▶ [Collected data entries]:
-*-*-
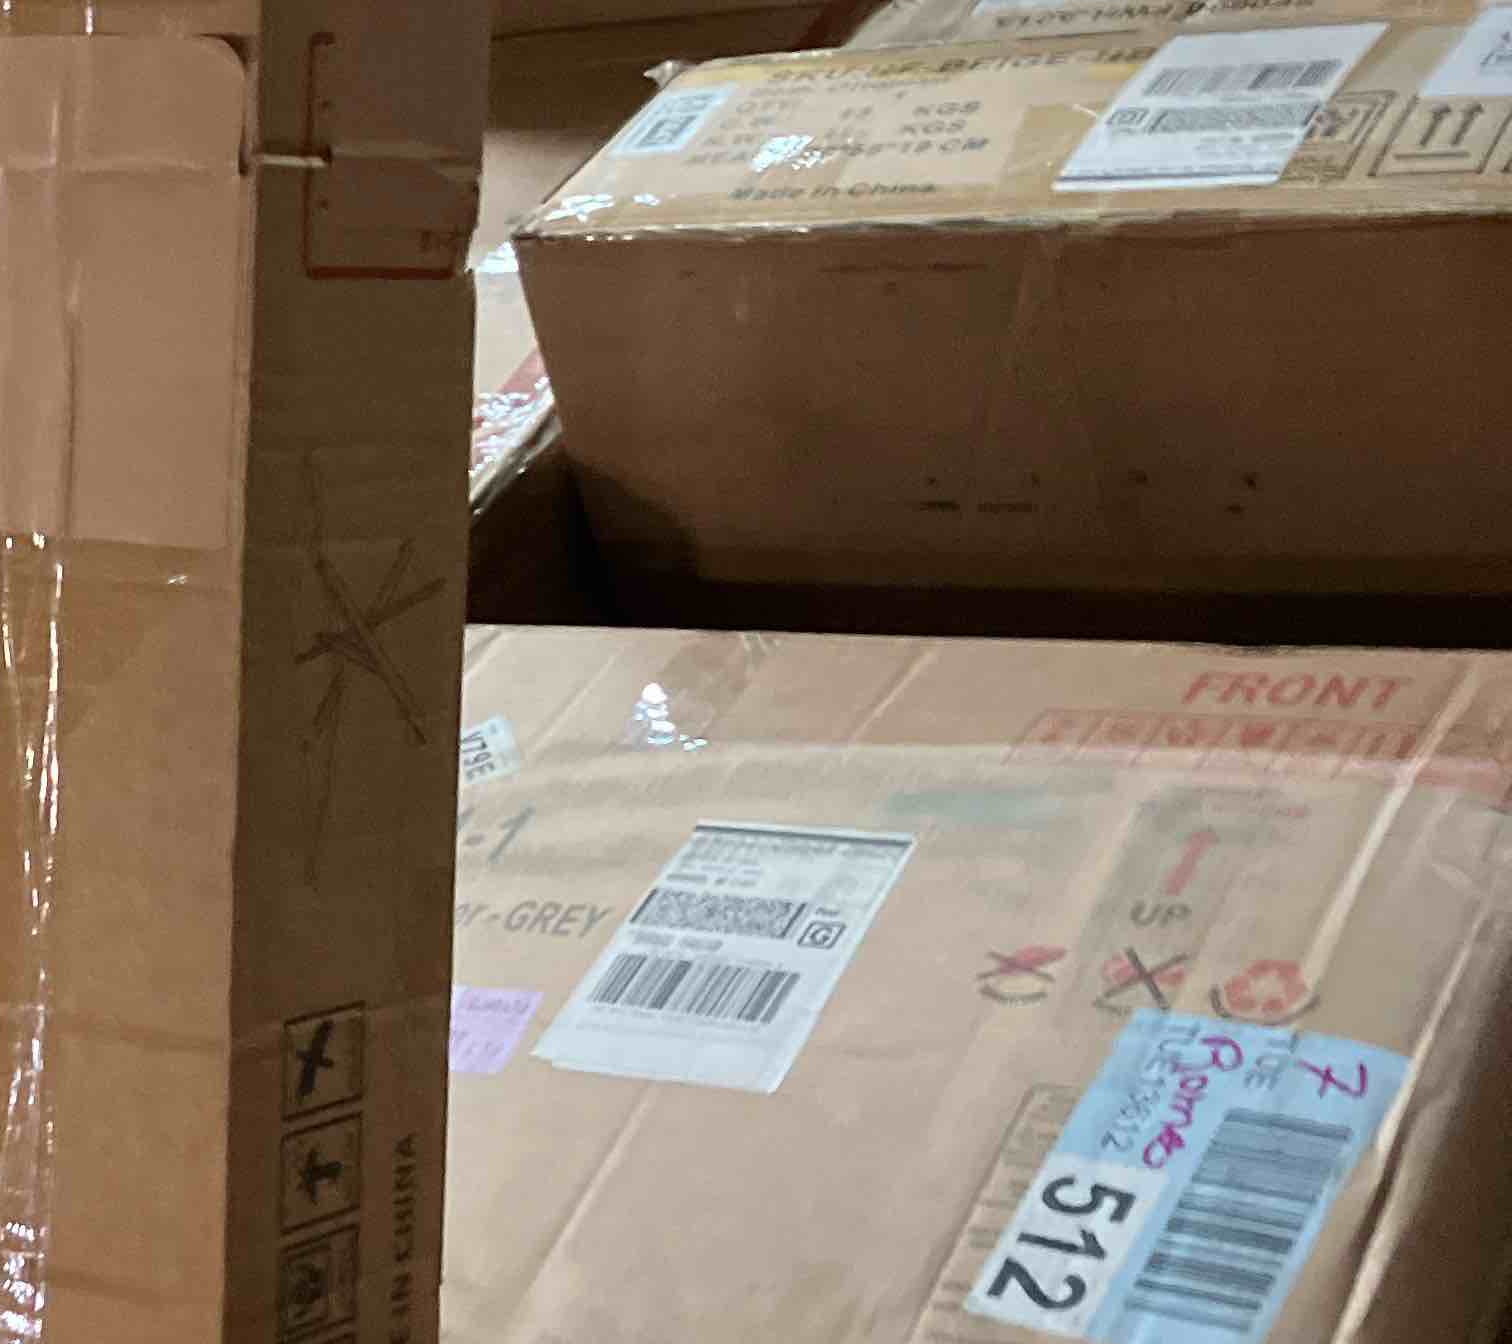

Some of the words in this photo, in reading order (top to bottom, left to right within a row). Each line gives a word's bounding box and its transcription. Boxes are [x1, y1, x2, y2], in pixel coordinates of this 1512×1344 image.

[1182, 669, 1413, 710] FRONT
[1129, 900, 1192, 928] UP
[394, 1133, 418, 1258] CHINA
[987, 1176, 1136, 1312] 512
-*-*-
▶ [Problem to work on]: Would you write each entry out again exactly, omitting the images?

▶ [Solution for this problem]:
Some of the words in this photo, in reading order (top to bottom, left to right within a row). Each line gives a word's bounding box and its transcription. Boxes are [x1, y1, x2, y2], in pixel coordinates of this 1512×1344 image.

[1182, 669, 1413, 710] FRONT
[1129, 900, 1192, 928] UP
[394, 1133, 418, 1258] CHINA
[987, 1176, 1136, 1312] 512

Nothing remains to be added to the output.